Nur ich war aus irgendeinem Grund die Ruhe in Person und fühlte mich absolute sicher in dieser riesengroßen, gefährlichen (und ganz und gar nicht legalen) Sache.
Fühlte sich der Stalker auch so, wenn er Alaina verfolgte, ihr Briefe schrieb und sie beobachtete? So energiegeladen? So ekstatisch? So im Recht, obwohl er wusste, dass er es nicht war?
Vielleicht waren manche Menschen einfach besser darin das Falsche zu tun. Verbotenes zu tun. Ob ich wohl zu diesen Menschen gehörte? Es fiel mir auf jeden Fall schwerer, das Richtige zu tun. Oder das, was die Gesellschaft unter dem Richtigen verstand.
Es war noch recht früh, deshalb waren noch nicht allzu viele Polizisten da, aber ich sah Detective Cruz bereits vom Eingang aus durch ein paar Glasscheiben in ihrem Büro sitzen und erklärte dem Polizisten am Empfang, dass ich mit ihr reden musste.
Sie hatte Zeit und bat mich sofort in ihr Büro, schloss die Türe hinter uns, bedeutete mir, mich zu setzen und ließ sich selbst dann mir gegenüber hinter dem Schreibtisch fallen. Sie sah müde, aber gefasst aus. Ob ihr Alainas Verschwinden ähnlich zusetzte, wie mir? Oder hatte sie Fälle auf dem Tisch liegen, die noch viel schrecklicher waren?
Das Büro sah noch genauso aus, wie letztes Mal, nur diesmal sog ich jedes Detail in neuer Größe und Farbe ein.

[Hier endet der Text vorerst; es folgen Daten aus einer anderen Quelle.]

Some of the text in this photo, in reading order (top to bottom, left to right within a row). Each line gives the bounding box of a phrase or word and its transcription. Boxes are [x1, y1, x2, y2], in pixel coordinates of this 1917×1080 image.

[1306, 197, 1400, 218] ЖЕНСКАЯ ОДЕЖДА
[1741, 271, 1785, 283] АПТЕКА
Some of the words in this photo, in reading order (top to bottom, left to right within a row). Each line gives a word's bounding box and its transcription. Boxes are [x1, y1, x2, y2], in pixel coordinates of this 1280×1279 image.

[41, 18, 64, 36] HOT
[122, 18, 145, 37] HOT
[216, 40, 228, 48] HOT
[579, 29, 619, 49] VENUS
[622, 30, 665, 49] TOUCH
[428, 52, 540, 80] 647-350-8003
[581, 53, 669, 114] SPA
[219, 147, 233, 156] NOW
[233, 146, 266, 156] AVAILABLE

Der unordentliche Schreibtisch mit den Akten, die sich praktisch darauf türmten. Das kleine, braune Regal hinter ihr mit den vielen Büchern und der Topfpflanze darauf, die unmöglich echt sein konnte, denn hier schien kein Fünkchen Tageslicht herein. Es gab keine Fenster. Auf ihrer Kaffeetasse prangte ein Schnurrbart und in der Spiegelung ihrer Brillengläser, die sie beim letzten Mal nicht aufgehabt hatte, erkannte ich, dass sie sich längst in ihren Rechner eingeloggt hatte. Das Schicksal war eindeutig auf meiner Seite. Jetzt musste ich nur hoffen, dass nicht gleich der Bildschirmschoner angehen würde.

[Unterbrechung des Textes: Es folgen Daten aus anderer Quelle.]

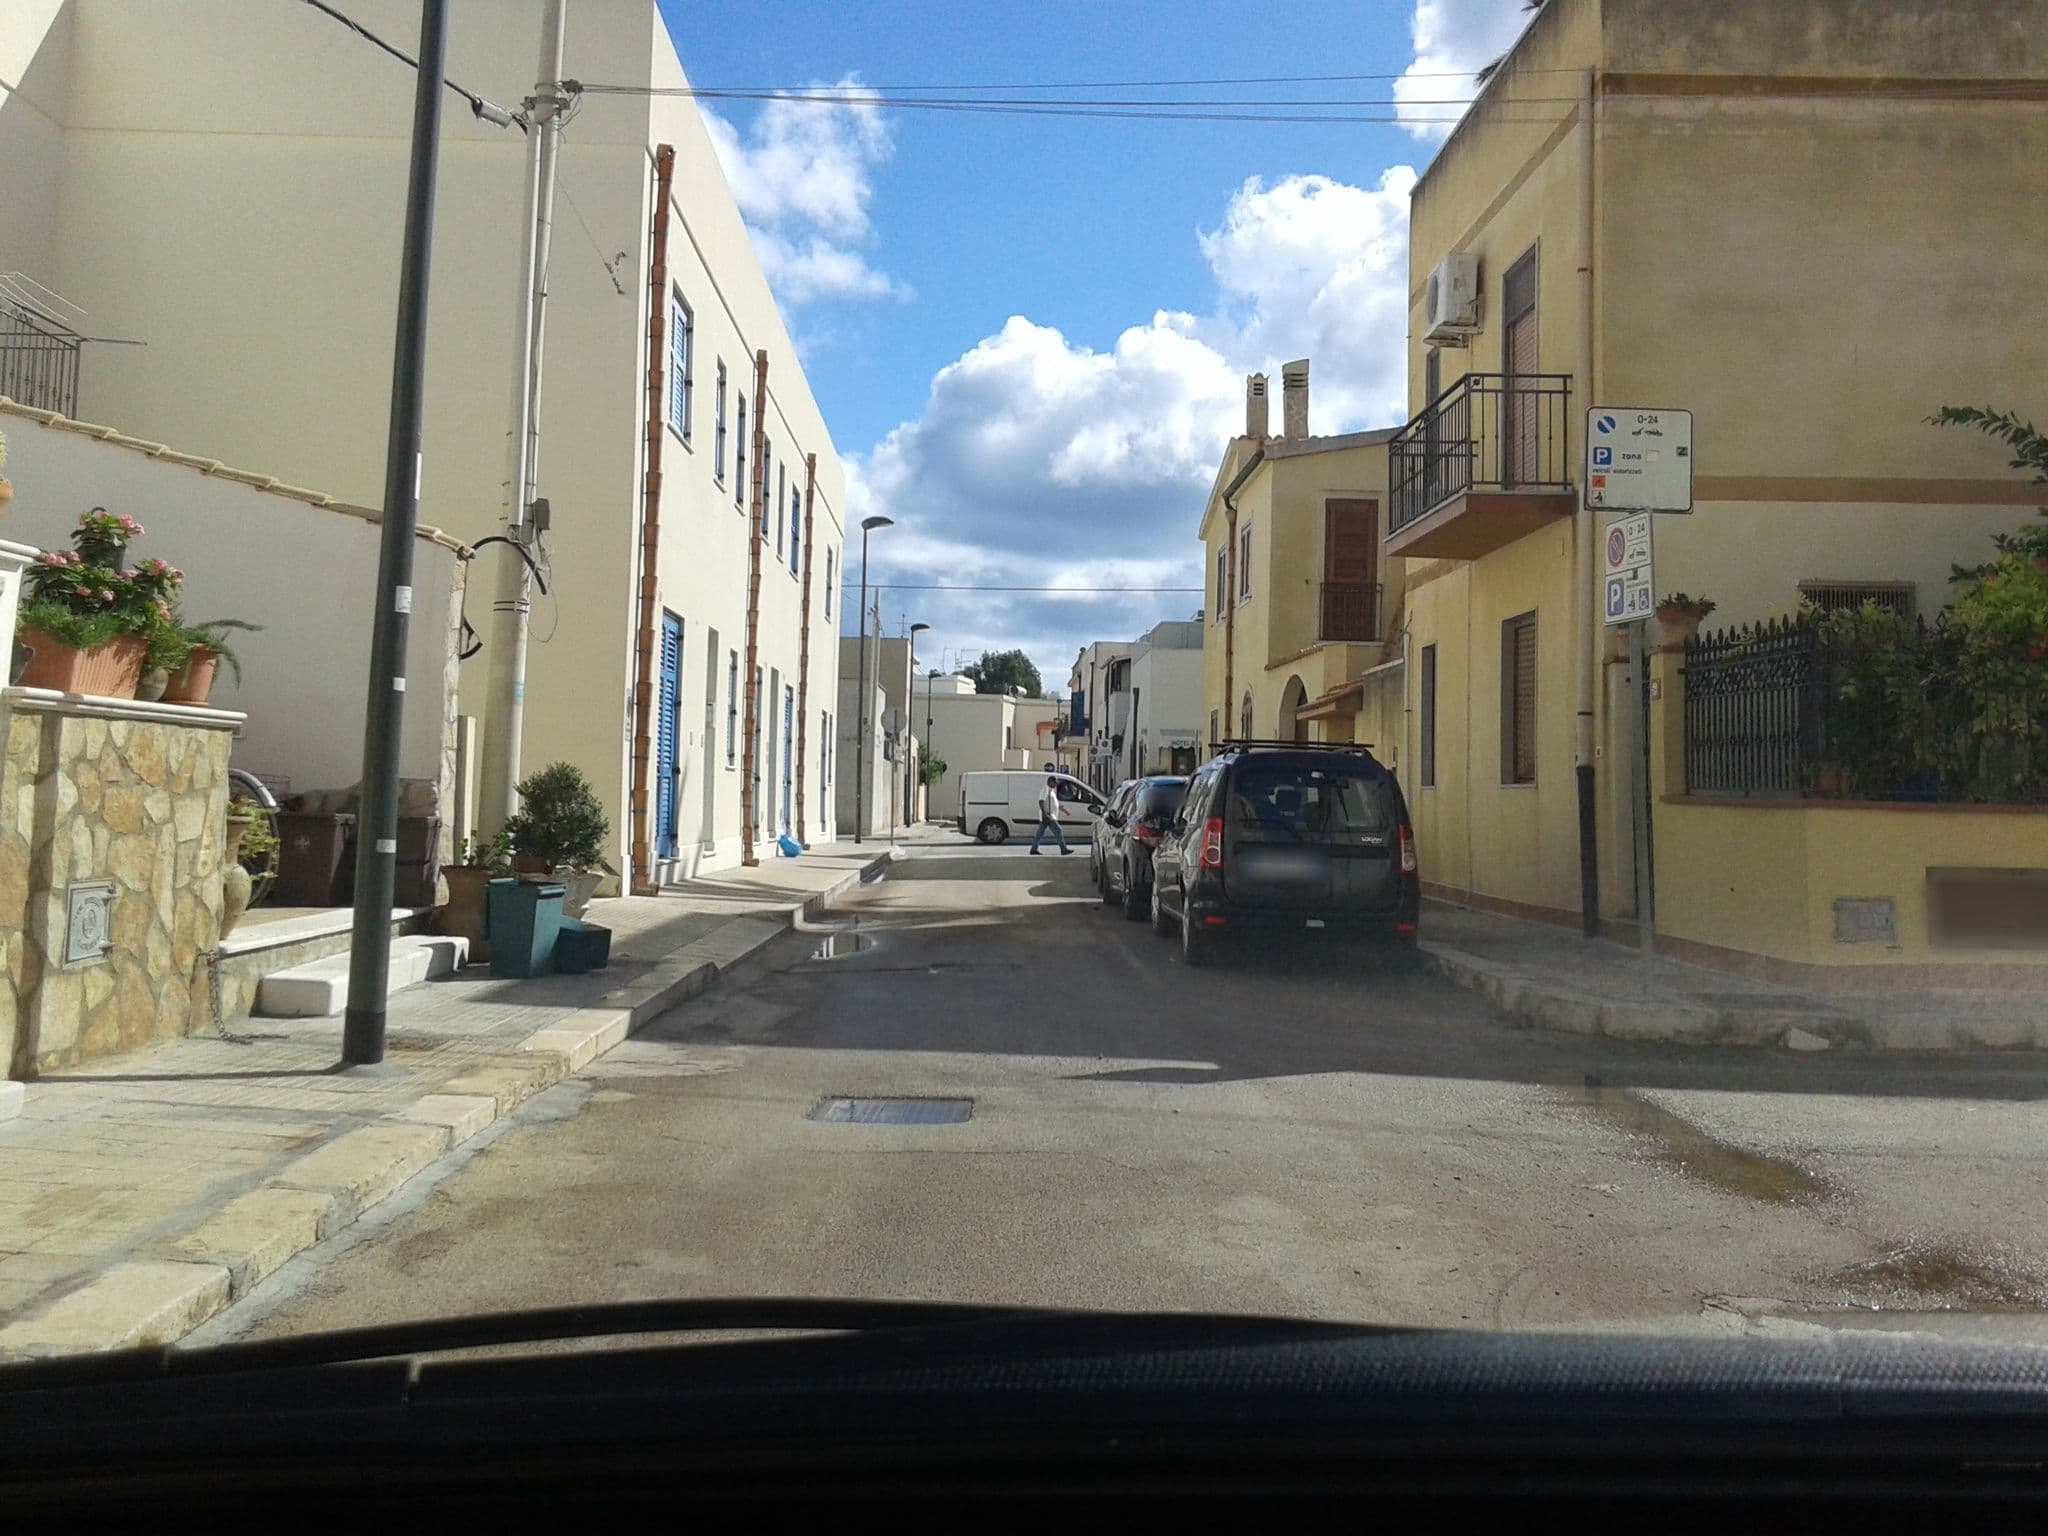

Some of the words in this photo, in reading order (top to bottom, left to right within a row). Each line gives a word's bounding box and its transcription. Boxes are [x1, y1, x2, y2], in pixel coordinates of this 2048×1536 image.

„Was kann ich für Sie tun?", fragte sie freundlich. „Falls Sie wegen Alaina hier sind, muss ich Sie leider enttäuschen, wir haben noch nichts herausgefunden."

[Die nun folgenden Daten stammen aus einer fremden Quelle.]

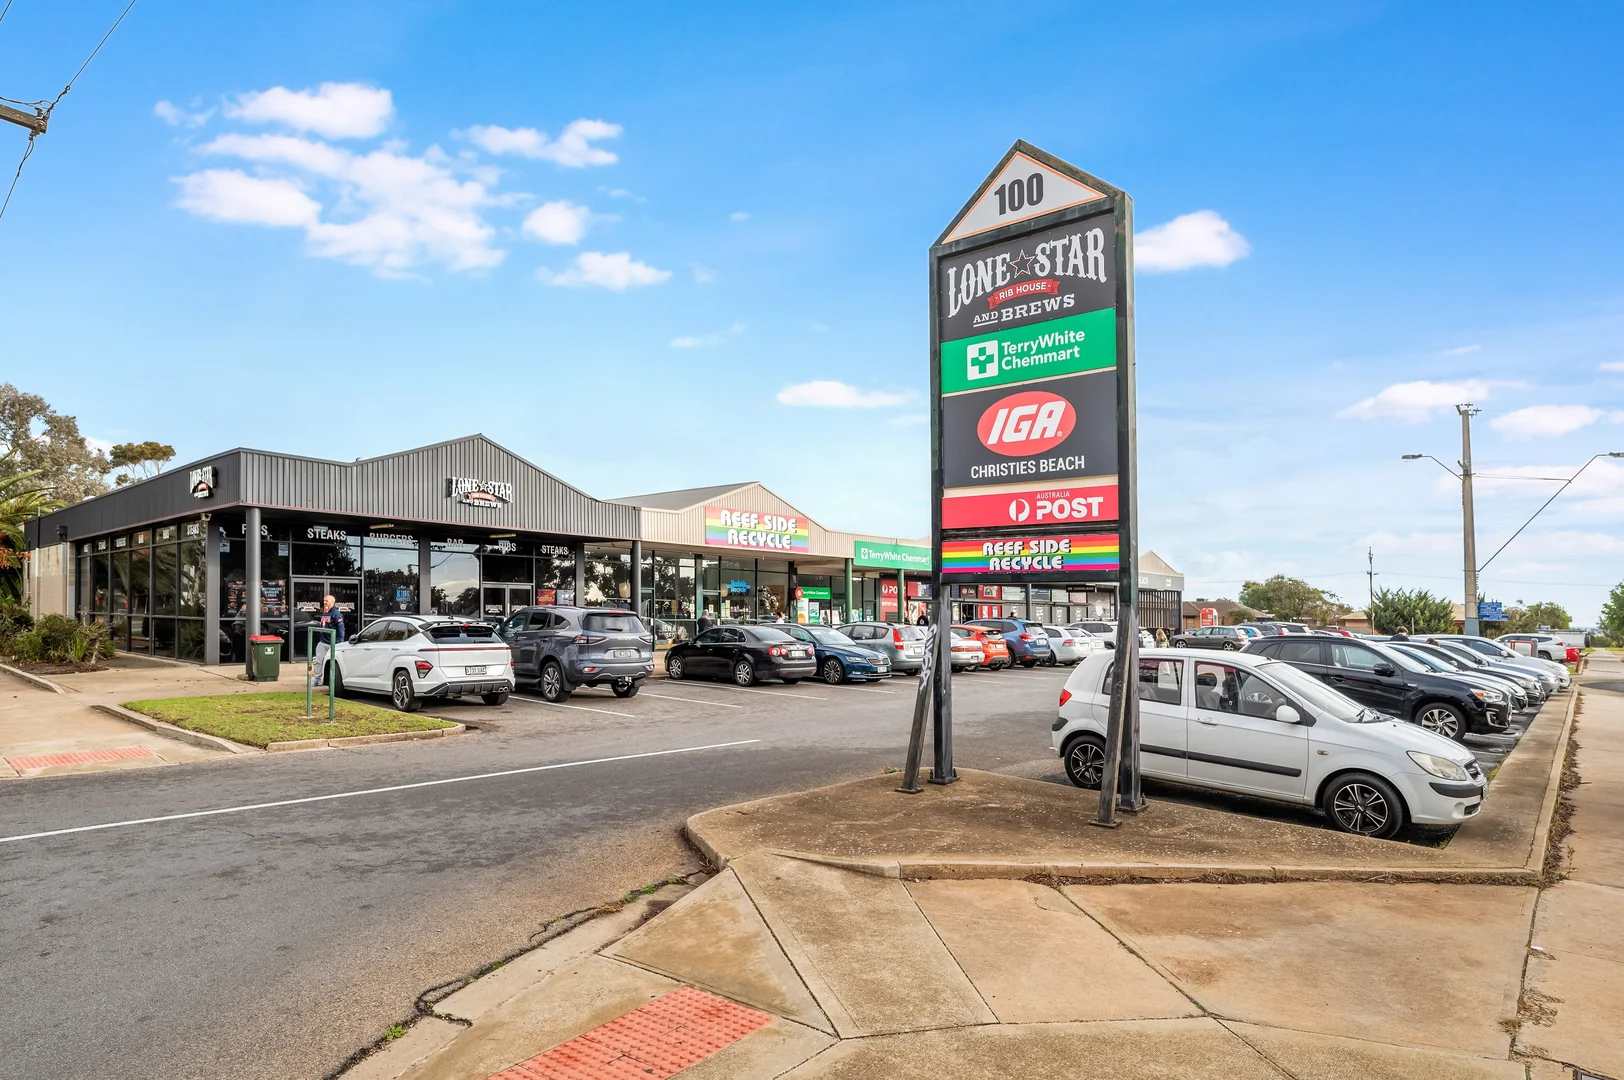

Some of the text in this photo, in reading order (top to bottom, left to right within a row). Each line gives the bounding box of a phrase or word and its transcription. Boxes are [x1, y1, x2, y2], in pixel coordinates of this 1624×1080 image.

[994, 172, 1044, 216] 100
[947, 227, 1108, 318] LONE STAR
[999, 281, 1047, 301] RIB HOUSE
[973, 293, 1075, 325] AND BREWS
[1001, 330, 1086, 356] TerryWhite
[1001, 345, 1080, 371] Chemmart
[986, 400, 1067, 445] IGA
[970, 455, 1085, 479] CHRISTIES BEACH
[451, 476, 513, 503] LONE STAR
[1036, 491, 1070, 500] AUSTRALIA
[473, 500, 502, 508] BREWS
[1036, 496, 1104, 520] POST
[720, 509, 797, 533] REEF SIDE
[307, 528, 347, 541] STEAKS
[369, 532, 414, 545] BURGERS
[447, 538, 464, 548] BAR
[727, 528, 792, 549] RECYCLE
[498, 542, 517, 552] RIBS
[541, 545, 569, 555] STEAKS
[868, 549, 930, 563] TerryWhite Chemmart
[982, 538, 1072, 556] REEF SIDE
[989, 555, 1064, 571] RECYCLE

„Ich... ich wollte mich nur einmal erkundigen, was denn bisher so passiert ist." Ich versuchte, so hilfsbedürftig und verzweifelt wie möglich dreinzublicken. „Wissen Sie, ich... wir standen uns nicht nahe, aber trotzdem ist es schrecklich, dass sie so einfach verschwunden ist und sie hatte ja keine Freunde mehr. Sie hat wegen dieser Stalking-Sache alle verstoßen. Außer ihren Eltern macht sich niemand Sorgen um sie." Wenn mich nicht alles täuschte, schien sich in Detective Cruz' Haltung bei Erwähnung von Alainas Eltern
etwas zu ändern. Ich wusste nicht, was es war und auch ihr Blick wirkte plötzlich unbehaglich. Was das wohl zu bedeuten hatte?
„Ich will nur...", fuhr ich fort und versuchte mir meine Neugierde nicht anmerken zu lassen. Verzweifelt fuhr ich mir durch die Haare. „Irgendjemand muss sich doch dafür interessieren. Sie darf einfach nicht vergessen werden, verstehen Sie?"
„Ich kann Sie gut verstehen." Sie verschränkte die Finger ineinander und legte die Hände auf den Tisch. „Wir haben die Vermisstenanzeige herausgegeben und in ihrem Umfeld nachgefragt, wo sie zuletzt gesehen wurde. Bei ihrer Arbeit, ihrer Familie." Bei dem Wort Familie kam sie ins Stocken und ich fragte mich abermals, was das sollte. Sie schüttelte den Kopf. „Mehr darf ich Ihnen leider nicht sagen, tut mir leid."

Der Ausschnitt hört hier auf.